Und natürlich braucht es mehr Kitaplätze, finanziert letztlich von anderen als den dortigen Mitarbeitern und nicht allein von „der Politik“, und bessere Arbeitsorganisation, aber wie und wie finanziert, liegt oft im subjektiven Auge des Betrachters. Und ja, Konferenzen leiden oft an Geschwätzigkeit, Selbstdarstellungen und mangelnden Zeit-Managements und Priorisierungen. Aber vieles fordern auch die modernen Mitgestaltungs- und Motivierungs- und Demokratie-Vorstellungen. Und es ist nicht leicht festzulegen und für jeden zu erkennen, was nun eine wichtige oder unentbehrliche Kommunikation und Information für die anderen ist und was nicht. da sind manche schnell beleidigt, wenn sie nicht „ausreichend“ zu Wort kommen und fühlen sich minderbewertet. Und die Bürokratie ist natürlich ein Zeitfresser sondergleichen, aber jede einzelne Vorschrift findet schnell Befürworter, die die diese nun für ganz essentiell für die Demokratie, das Bürgerwohl, den Tierschutz, den Denkmalschutz, die Umwelt oder sonstiges halten. Und jeder, dessen Vorstellung nicht umgesetzt wird, droht dann andere Parteien oder gar Protestparteien zu wählen. Geld kann man drucken oder heute „digital erschaffen“. Aber letztlich ist das Geld, was Menschen immer mehr für ihre Arbeit verlangen, nur soviel wert, wie sie dafür auch an Arbeit von anderen zurückerhalten können. Wenn alle also immer mehr Früchte ihrer Arbeit genießen wollen, die von anderen erarbeitet werden müssen, und diese anderen genauso, wie soll das dann noch funktionieren? Bisher haben Digitalisierungen und Roboter noch lange nicht ausgereicht, um unsere Fachkräftemängel auszugleichen, schon gar nicht die der Zukunft. Ich glaube auch nicht, dass jeder Arbeitgeber oder Vorgesetzte seine Beurteilung der Mitarbeiter allein daran festmacht, wie lange die am Schreibtisch sitzen, oder wie lange Reden die schwingen. Dass ist ein allzu populistisches verallgemeinertes und über einem Kamm scherendes Urteil über Vorgesetze und Chefs.
Peter Selmke

Danke, Herrn Rohwetter, für diese geistreiche Kolumne!

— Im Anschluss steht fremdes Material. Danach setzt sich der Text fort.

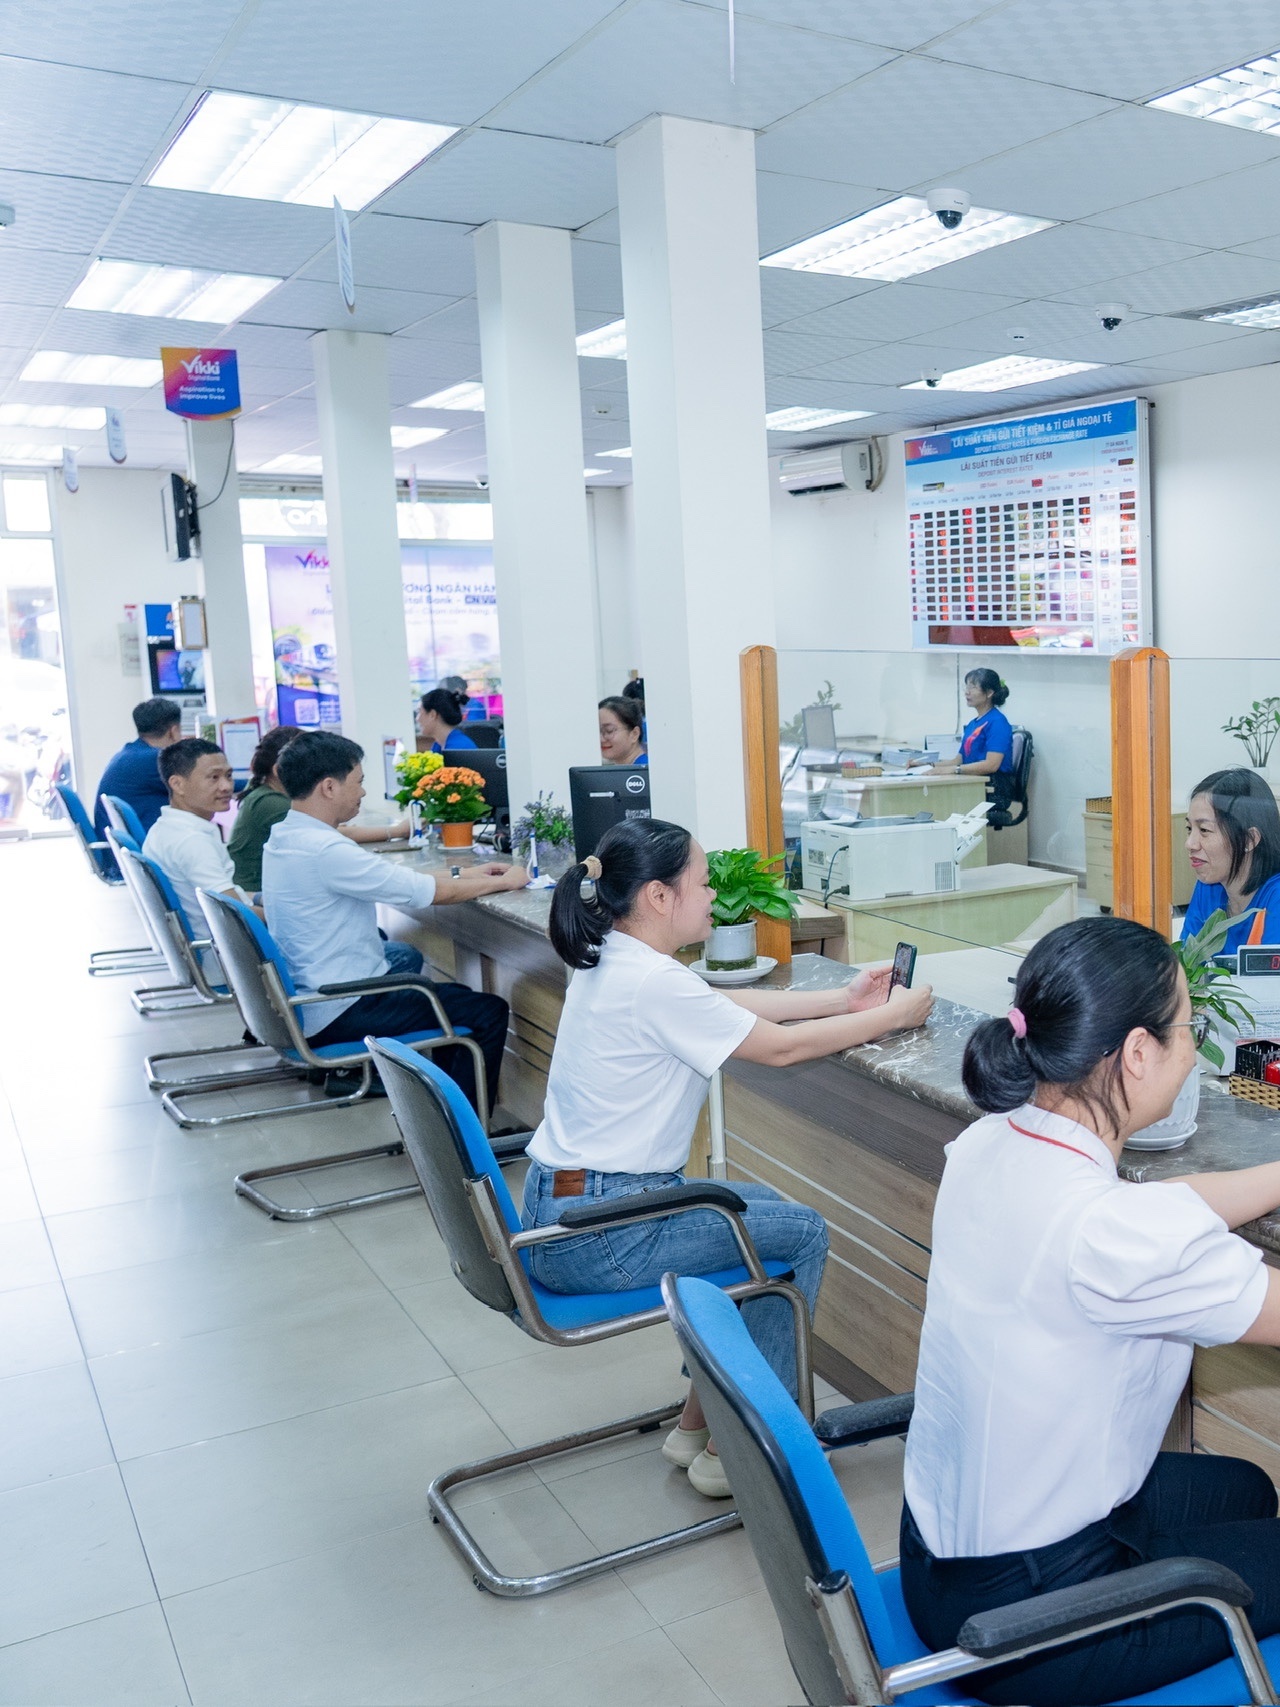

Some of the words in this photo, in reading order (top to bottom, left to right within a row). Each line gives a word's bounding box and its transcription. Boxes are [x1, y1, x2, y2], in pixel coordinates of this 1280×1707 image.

[181, 354, 220, 375] Vikki
[1062, 416, 1075, 429] GIÁ
[1076, 415, 1100, 427] NGOẠI
[1102, 411, 1112, 424] TỆ
[1271, 956, 1280, 969] 0
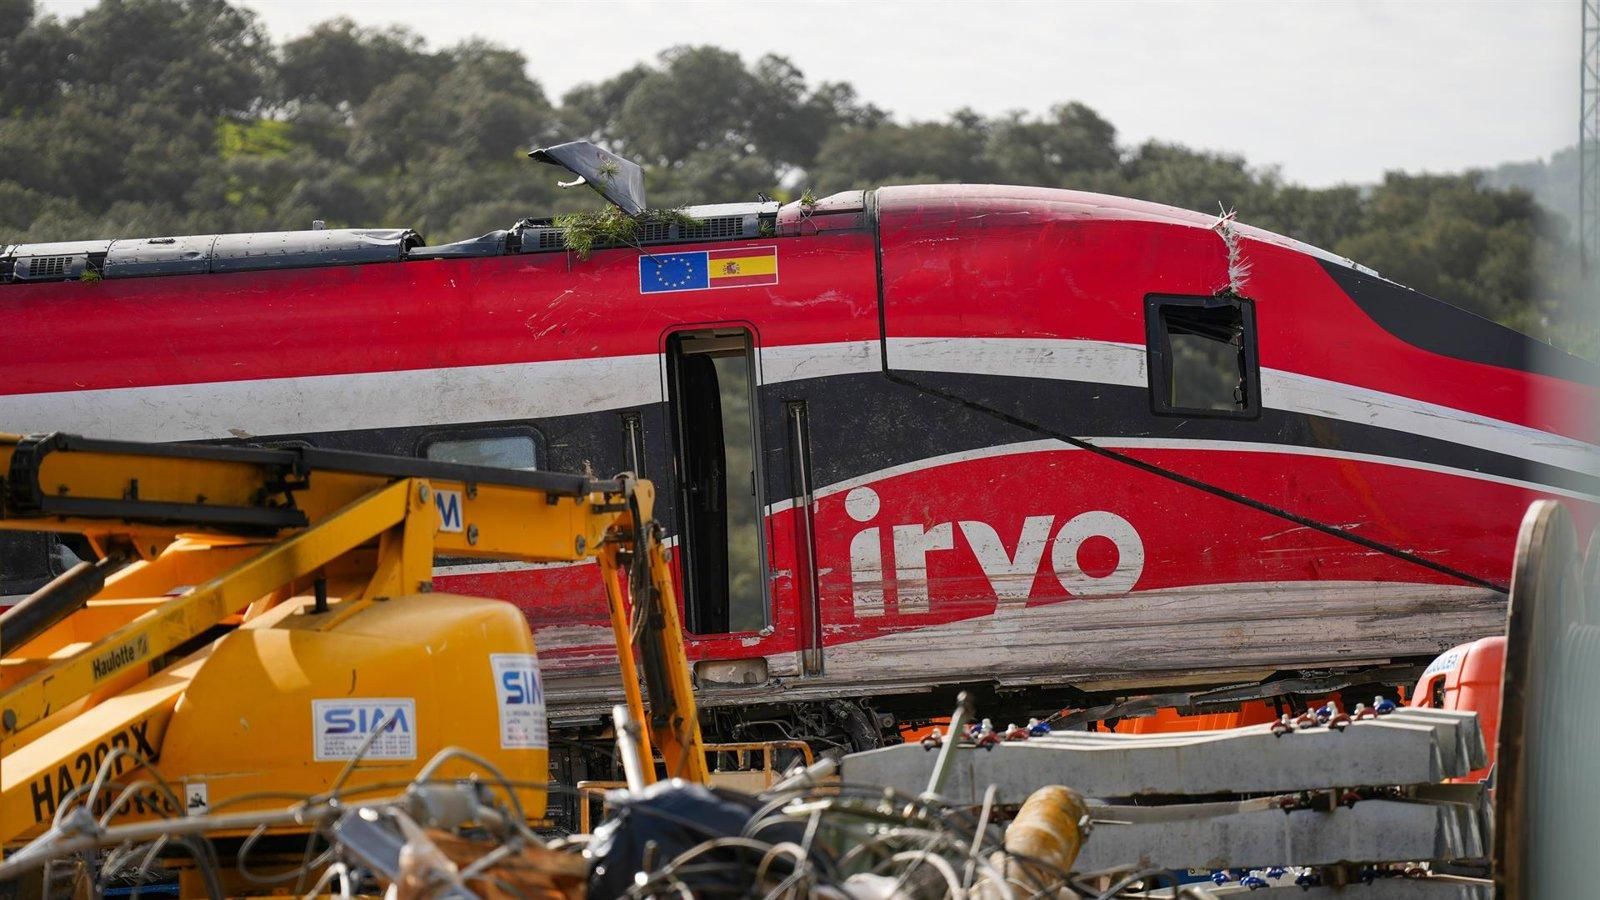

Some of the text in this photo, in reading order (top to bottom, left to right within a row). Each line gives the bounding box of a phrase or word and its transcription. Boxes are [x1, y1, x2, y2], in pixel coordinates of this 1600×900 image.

Auch wenn mich das alles selbst nicht mehr betrifft und ich tatsächlich als Rentnerin dem Faulsein frönen kann, so musste ich doch mehrfach herzlich lachen!
Agnès Siémon

Für den Artikel „Es reicht!“ (Die Zeit, Seite 28 in Nr. 24 aus 2024); allerdings sollten Sie vielleicht Ihre Erkenntnisse nicht nur den Arbeitgeberverbänden, sondern auch einigen Mitgliedern Ihrer Redaktion zur Kenntnis bringen – insbesondere in der „Politik“ und in „Wissen“ (dort z.B. Herrn Stefan Schmitt) – wo immer noch die Ansicht vertreten wird, dass die Pendlerpauschale eine Subvention und keine Verwaltungsvereinfachung sei(!) – wie Herrn Schmitt mir vor kurzem (Email vom 16.5.2024) noch mitteilte, entsprechend einer „wissenschaftlichen Definition“(!), für deren Erfüllung er sich allerdings den argumentativen Nachweis ersparte. Da sind einige in Ihrer Redaktion entgegen Ihren Ausführungen wohl immer noch der Ansicht, dass Pendler mit Vergnügen, um nicht zu sagen geradezu vergnügungssteuerpflichtig, zur Arbeit fahren und dabei wegen der Pendlerpauschale auch noch immer weiter von der Arbeitsstelle entfernt losfahren, nur damit das Pendeln möglichst weit geht und möglichst lange dauert.
Volker Thomaszik

 


 

Leserbriefe zu „Die Freude an der Unvernunft“ von Hanno Rauterberg

Das Volk als Masse hat nichts zu seiner unverbildeten Verteidigung vorzutragen – die gebildete Minderheit verliert grundsätzlich in einer sogenannten Demokratie ihr wahres Menschsein zur massenhaften Unvernunft der unvorhandenen Vernunft. Cogito – ergo Sum-salabim! Welche Konstellationen variieren zwischen Sinn und Unsinn sowie Vernunft und Unvernunft und dem Bedürfnis zur Unbedarftheit oder des Blödsinns hin zur Verblödung… Man sollte meinen, dass durch die bundesweite Verbreitung der Medien, der Vielheit dieser besonders auch elektronischen „Heimsuchungen“: dieses doch manipulative bundesdeutsche Volk sich eine vielleicht erwähltere Auswahl aus diesen zumeist geistlosen Unterhaltungsprogrammen für sich herausfinden wollte – aber genau: das ist nicht die Wirklichkeit der Glotze-Realität! Für die Verdummung haben sich die TV-Sender dennoch eine Menge an Schwachsinn einfallen lassen und nennen das in ihrer ausstrahlenden Hemmungslosigkeit: Wir wollen Euch unterhalten! Doch für wie blöd halten diese Programmgestalter in diesen Bereichen ihr zeitverbrauchendes glotzendes Publikum – genau so verblödet wie es die Fernsehmacher es ihnen (also der Masse des Volkes) zutrauen und vor allem auch dementsprechend zumuten! Hanno Rauterberg schreibt in seinem ZEIT-Büro oder unterwegs in seinen kulturellen Revieren dann die ganz anderen kultivierten Impressionen auf, hat seine Feuilleton-Lesegemeinschaft in den ZEIT-Lesenden und kann davon ausgehen (müssen, nein: hierbei zu wissen), dass seine Texte verstanden und wohl auch verinnerlicht werden mit den sicherlich auch klugen Mitbeteiligungen der jeweiligen Kritik oder zumeist wohl auch des solidarischen Einverständnisses…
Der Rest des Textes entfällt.